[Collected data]
*** Begin section ***

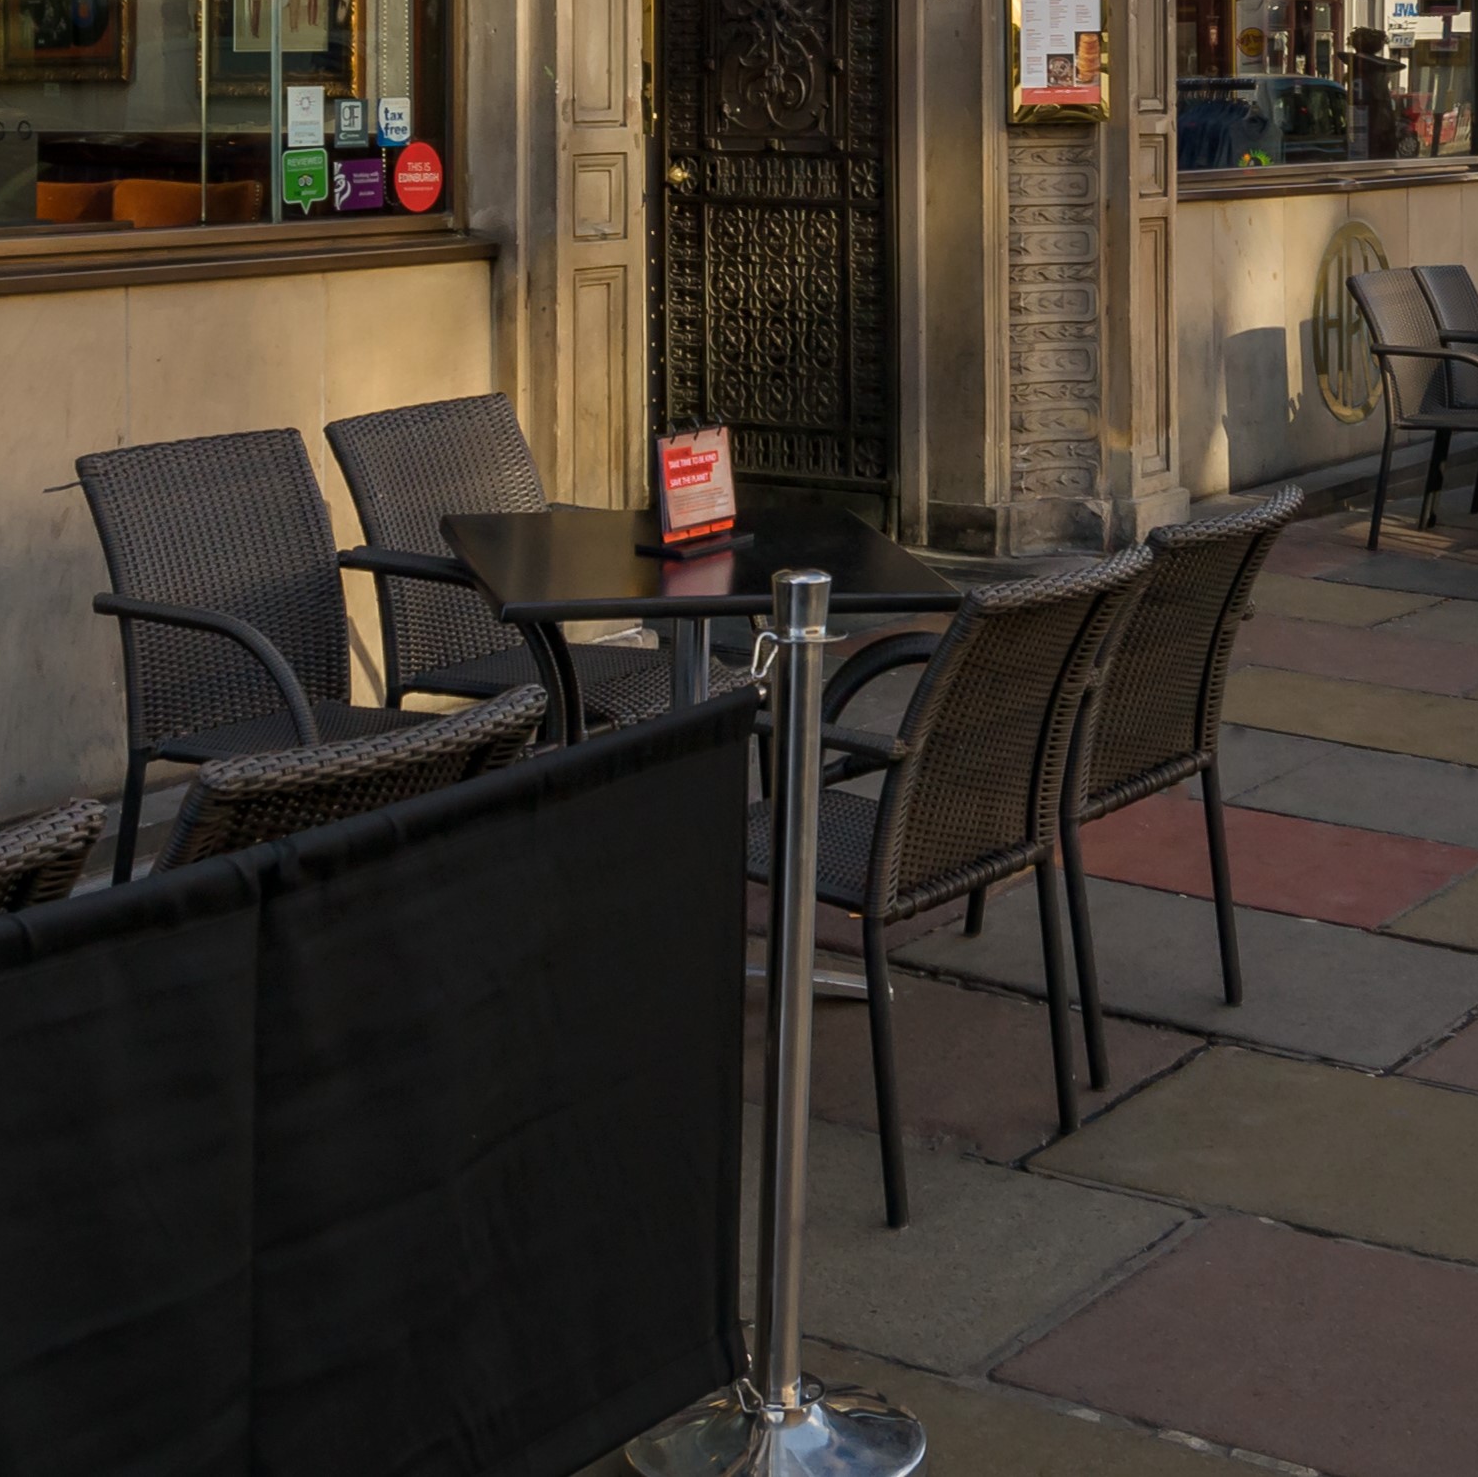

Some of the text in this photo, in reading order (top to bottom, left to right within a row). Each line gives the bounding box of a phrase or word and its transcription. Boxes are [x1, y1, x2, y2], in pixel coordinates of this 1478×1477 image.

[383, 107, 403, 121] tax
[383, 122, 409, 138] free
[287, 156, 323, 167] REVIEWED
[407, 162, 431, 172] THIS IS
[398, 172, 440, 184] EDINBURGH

*** End section ***

→ TASK DESCRIPTION:
Since the copy should hold text only, set down each record exactly and leave the pictures out.

→ TASK RESULT:
Some of the text in this photo, in reading order (top to bottom, left to right within a row). Each line gives the bounding box of a phrase or word and its transcription. Boxes are [x1, y1, x2, y2], in pixel coordinates of this 1478×1477 image.

[383, 107, 403, 121] tax
[383, 122, 409, 138] free
[287, 156, 323, 167] REVIEWED
[407, 162, 431, 172] THIS IS
[398, 172, 440, 184] EDINBURGH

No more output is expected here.